Viewing 40 posts - 1 through 40 (of 77 total)
  • Nasty Neighbour
  • brick
    Free Member

    We received a letter anonymously today saying that we have young children over every day (we don’t) and that they are really noisy and causing a disturbance (we are a normal family, no shouting, banging, loud music etc). The letter goes on to say that a number of other neighbours think its ‘terrible’ and that they are keeping records and will report it to the council if it goes on. It also says that ‘maybe isnt the right area’ for us.

    Now upon reading this my wife (seven months preg with Brick no. 2) was very upset and got very stressed out. She’s been ill with chicken pox for the last fortnight and hasn’t seen anybody. She immediately wants to sell up and move etc..

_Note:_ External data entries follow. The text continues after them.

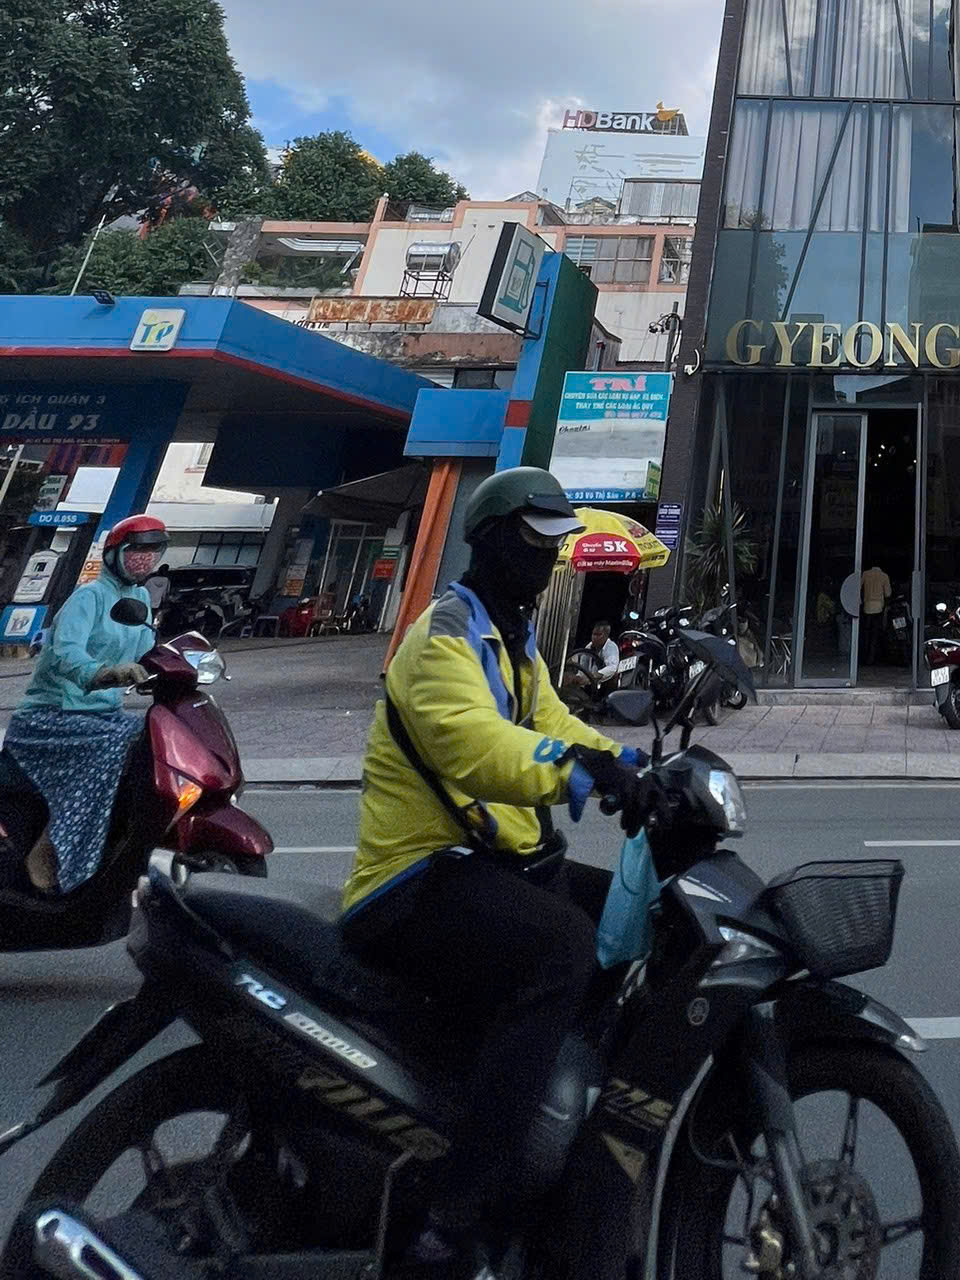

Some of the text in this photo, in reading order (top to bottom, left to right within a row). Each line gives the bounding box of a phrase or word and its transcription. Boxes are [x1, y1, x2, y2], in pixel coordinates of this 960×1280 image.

[563, 110, 655, 131] HDBank
[96, 395, 106, 404] 3
[66, 414, 101, 430] 93
[39, 514, 53, 523] DO
[603, 540, 628, 552] 5K
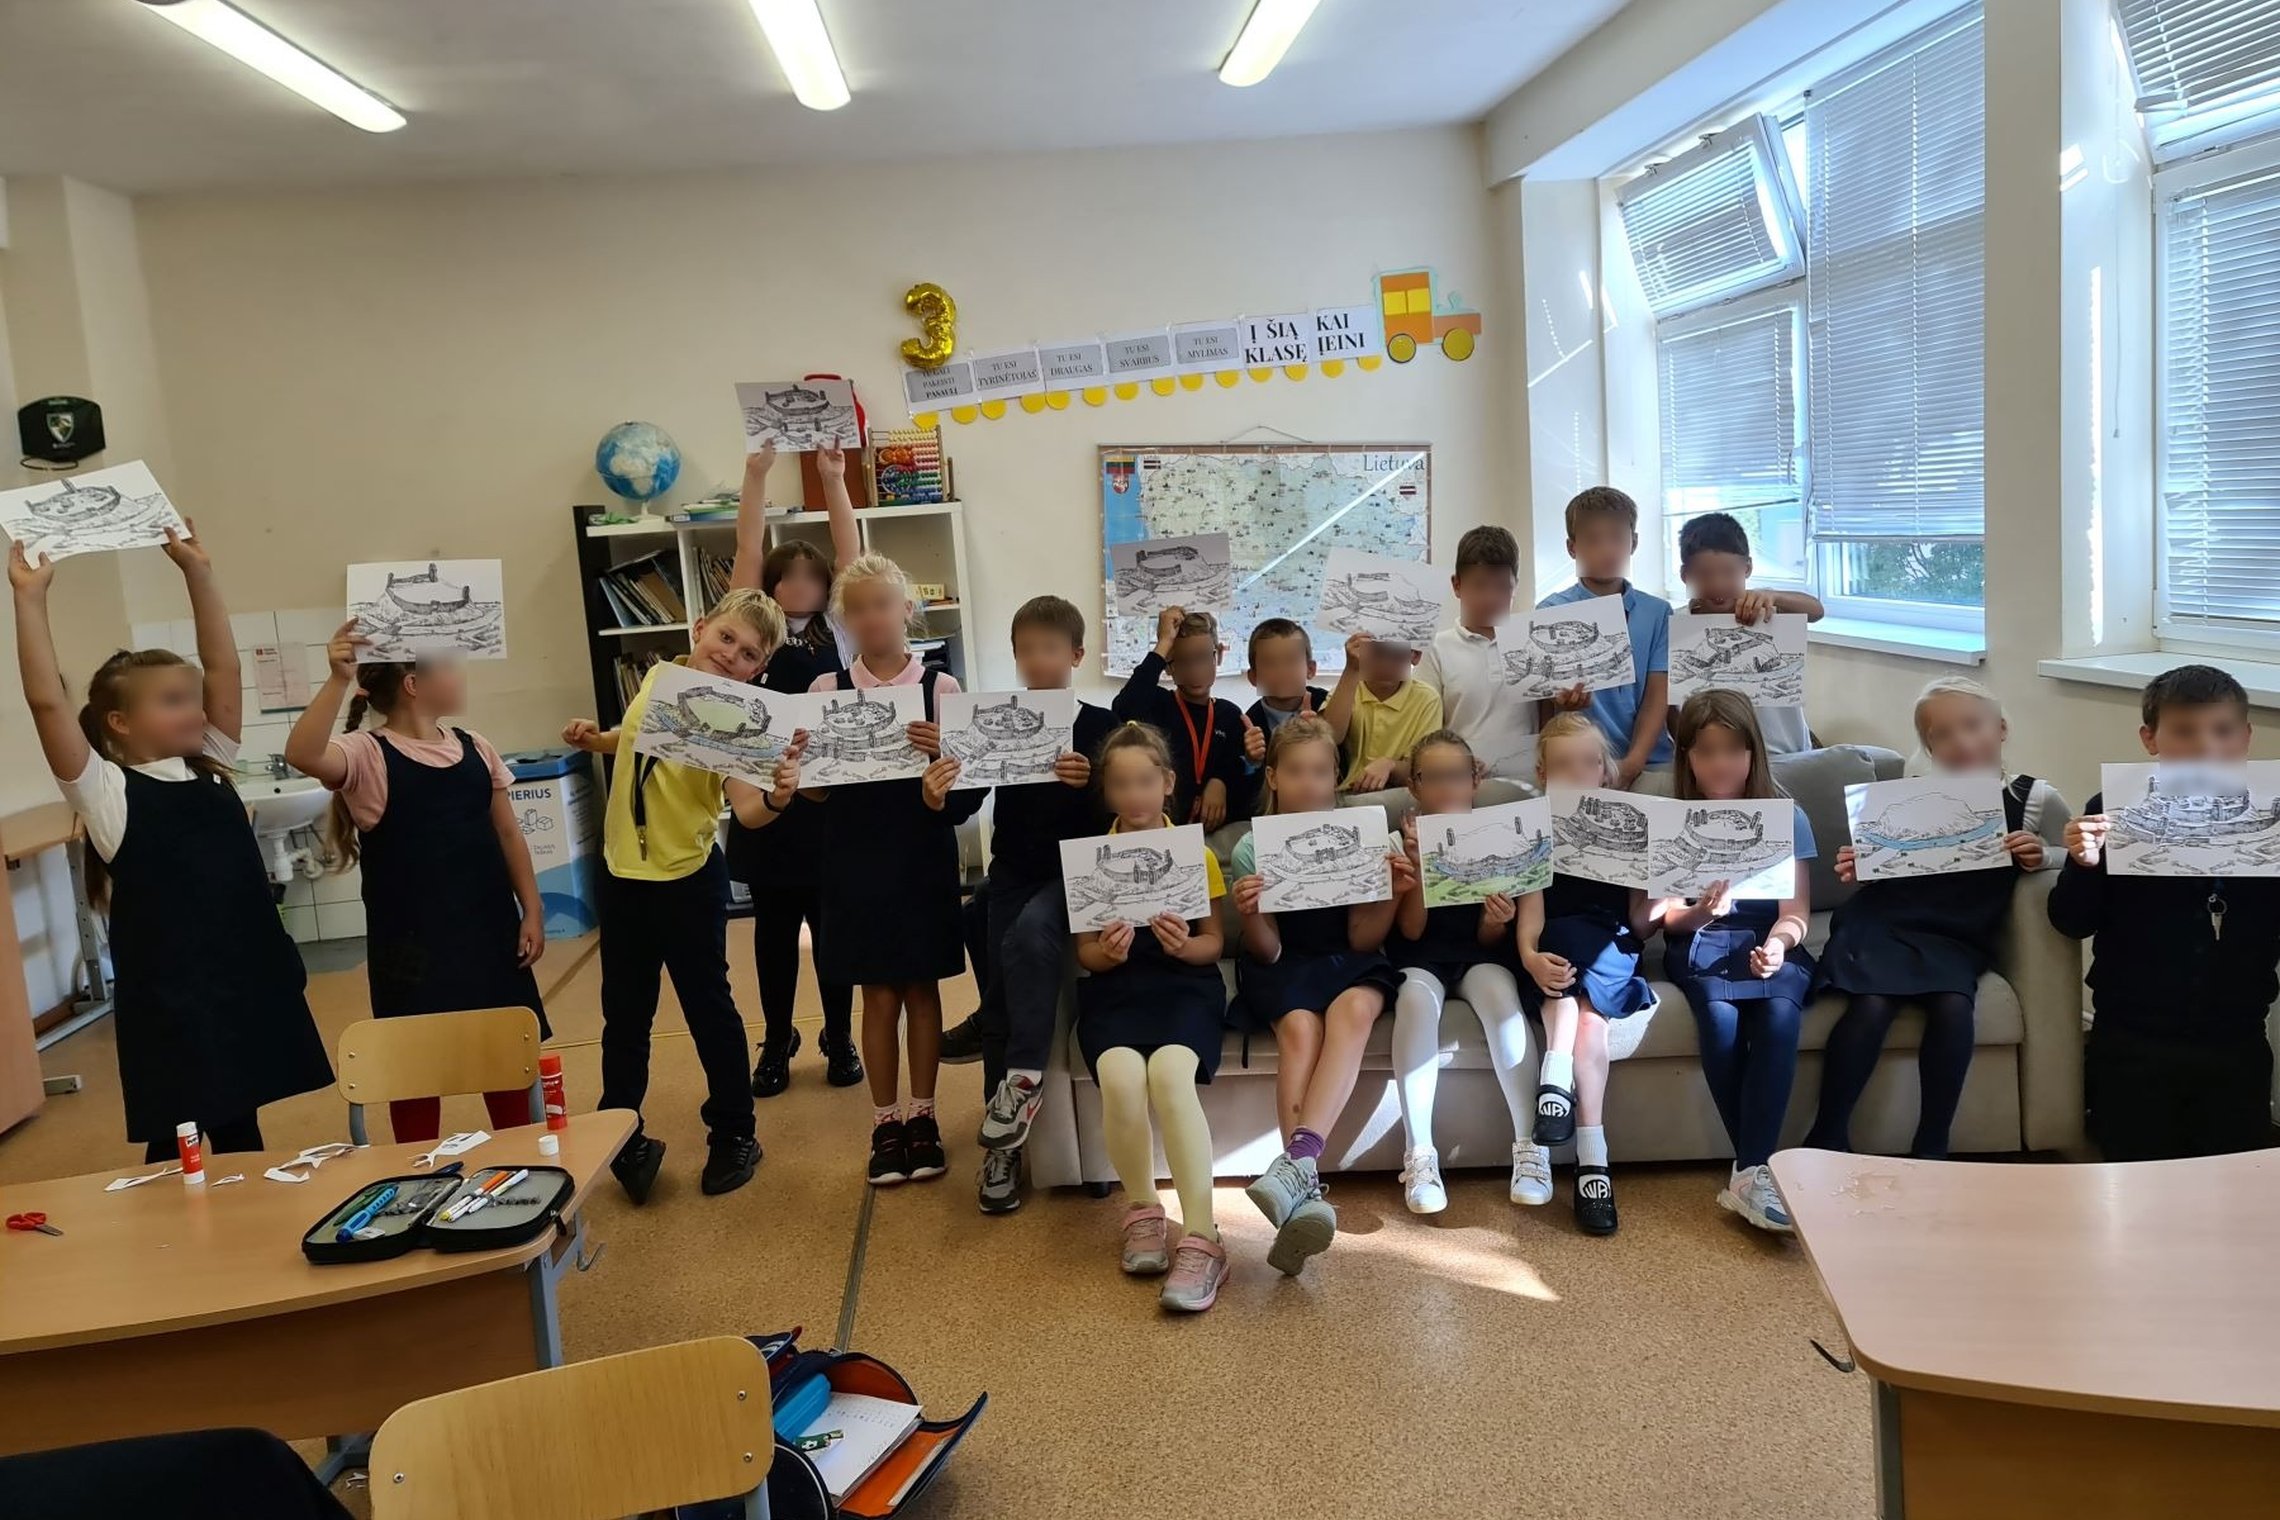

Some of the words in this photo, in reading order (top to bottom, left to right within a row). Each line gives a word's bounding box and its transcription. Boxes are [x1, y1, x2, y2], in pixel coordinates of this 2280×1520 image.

[901, 283, 956, 369] 3
[1316, 313, 1349, 331] KAI
[1250, 324, 1257, 344] Į
[1266, 318, 1299, 340] ŠIĄ
[1192, 337, 1203, 346] TU
[1205, 336, 1219, 344] ESI
[1318, 332, 1365, 356] ĮEINI
[1124, 346, 1134, 354] TU
[1187, 347, 1229, 358] MYLIMAS
[1245, 343, 1307, 363] KLASĘ
[1057, 354, 1066, 363] TU
[1119, 355, 1160, 368] SVARBUS
[992, 362, 1001, 371] TU
[1050, 365, 1093, 377] DRAUGAS
[979, 368, 1038, 386] TYRINĖTOJAS
[1363, 454, 1424, 472] Lietuva
[507, 788, 551, 800] IERIUS
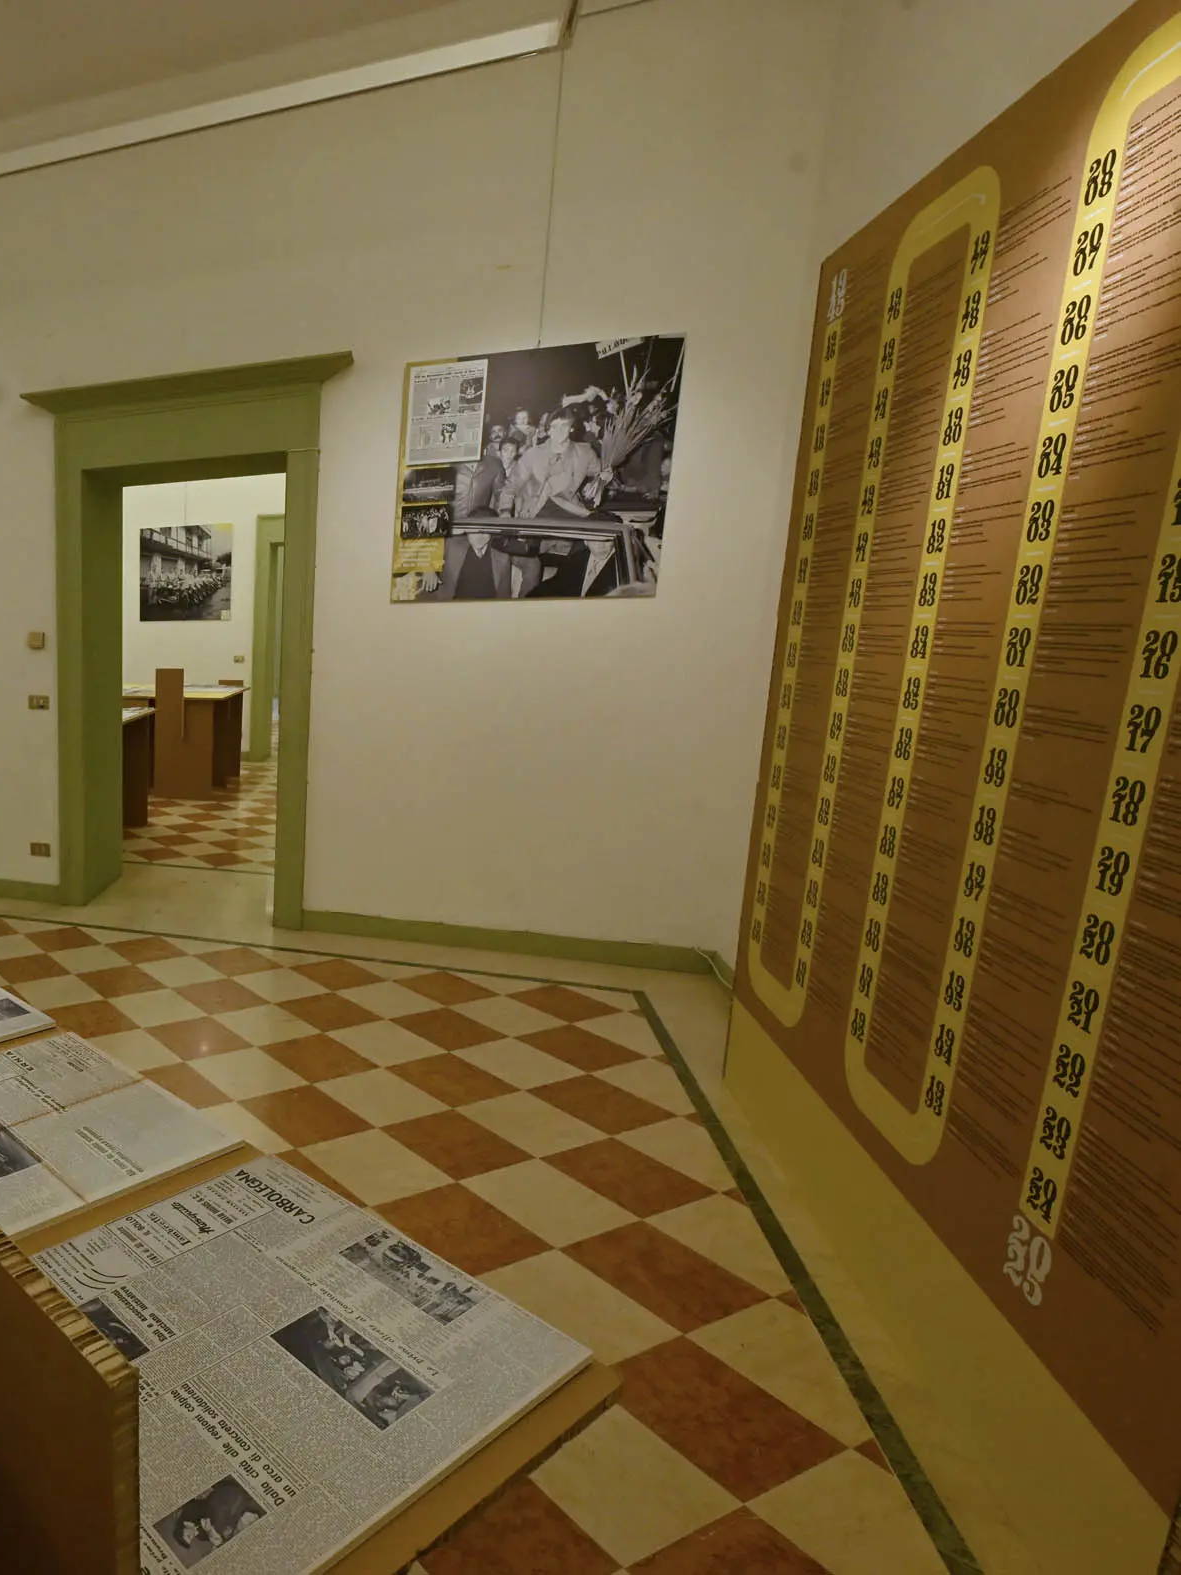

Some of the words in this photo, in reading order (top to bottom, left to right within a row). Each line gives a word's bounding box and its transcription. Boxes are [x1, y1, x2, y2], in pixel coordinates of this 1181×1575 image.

    I pretty much know who the letter is from and whilst the letter is not using abusive language, should I inform the police about it? For records sake in case it escalates? I realise they probably won’t spring into action and arrest the perp.
    I rang the council who are sending the ASBO team round to talk to us, as they said its malicious behaviour.
    I’m not sure what else to do, any ideas?

    I wont be owning with bombers (strictly a Rock Shox man) nor weeing in their shoes!

    allthepies
    Free Member

    poo in their shoes ?

    transporter13
    Free Member

    where do you live….I’ll come round and own them Kung fu panda stylee 😉

    Tango-Man
    Free Member

    Go nuclear on their asses

    To be truthful if anyone had upset my pregnant wife they would be scraping up the pieces

    wwaswas
    Full Member

    Firstly, re: noise complaint – playing children are exempt from any enforcement that council may want to do.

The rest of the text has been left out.